Published online by Cambridge University Press: 28 October 2009
THE PERIOD OF THE INVASION
Papal policy concerning Ireland had changed by the late summer of 1155. John of Salisbury has recorded this change of heart in the wellknown passage of his Metalogicon wherein he claimed for himself the credit for inducing Adrian IV to entrust the country to Henry II and his successors. John related how the Pope fell in with this suggestion, involving as his warrant for sanctioning the change of rulership, the curious but by no means novel principle that the Donation of Constantine had given him sovereignty over all islands. He therefore sent Henry II a handsome emerald ring in testimony of his concession.
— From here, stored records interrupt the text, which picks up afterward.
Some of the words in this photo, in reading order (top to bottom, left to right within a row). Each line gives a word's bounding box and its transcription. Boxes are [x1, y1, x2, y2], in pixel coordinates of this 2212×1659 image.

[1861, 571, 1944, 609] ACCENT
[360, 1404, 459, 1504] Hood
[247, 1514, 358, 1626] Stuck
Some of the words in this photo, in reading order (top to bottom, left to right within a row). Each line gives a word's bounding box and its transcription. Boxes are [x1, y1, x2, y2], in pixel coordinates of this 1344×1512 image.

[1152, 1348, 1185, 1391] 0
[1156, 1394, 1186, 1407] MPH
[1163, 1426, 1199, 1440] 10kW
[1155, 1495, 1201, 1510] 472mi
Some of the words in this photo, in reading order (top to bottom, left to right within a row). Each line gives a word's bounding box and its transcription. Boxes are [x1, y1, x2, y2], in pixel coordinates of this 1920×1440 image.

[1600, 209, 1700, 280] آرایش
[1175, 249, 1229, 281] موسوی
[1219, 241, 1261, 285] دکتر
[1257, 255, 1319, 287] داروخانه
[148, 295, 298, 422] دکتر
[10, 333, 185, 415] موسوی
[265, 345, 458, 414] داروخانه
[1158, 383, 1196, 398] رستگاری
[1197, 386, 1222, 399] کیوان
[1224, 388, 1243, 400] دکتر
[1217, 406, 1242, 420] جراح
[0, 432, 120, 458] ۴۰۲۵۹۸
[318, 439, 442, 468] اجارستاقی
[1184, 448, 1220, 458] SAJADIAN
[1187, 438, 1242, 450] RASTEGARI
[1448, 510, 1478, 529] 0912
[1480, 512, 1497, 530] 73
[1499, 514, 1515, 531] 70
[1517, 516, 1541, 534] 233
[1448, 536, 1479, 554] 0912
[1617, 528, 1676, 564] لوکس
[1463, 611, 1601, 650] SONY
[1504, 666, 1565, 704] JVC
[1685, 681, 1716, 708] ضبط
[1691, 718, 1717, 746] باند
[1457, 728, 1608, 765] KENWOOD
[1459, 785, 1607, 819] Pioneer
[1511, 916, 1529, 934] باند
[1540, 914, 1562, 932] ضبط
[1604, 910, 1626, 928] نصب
John of Salisbury offered no comment on the motives of the principals concerned in this transaction. Robert of Torigny has written of Henry II's interest in securing Ireland as an appanage for his brother William. As for Adrian IV, it has been argued in Ireland at least from the early fourteenth century, that his main idea was to accommodate the sovereign of his native land. Irish historians have also probed John of Salisbury's mind for the arrière-pensée. He was the devoted secretary of the archbishop of Canterbury. The council of Kells had deprived Canterbury of any last vestiges of its primatial pretensions in Ireland. Canterbury now urged this grant upon the Pope, it is argued, as a means of regaining her lost right.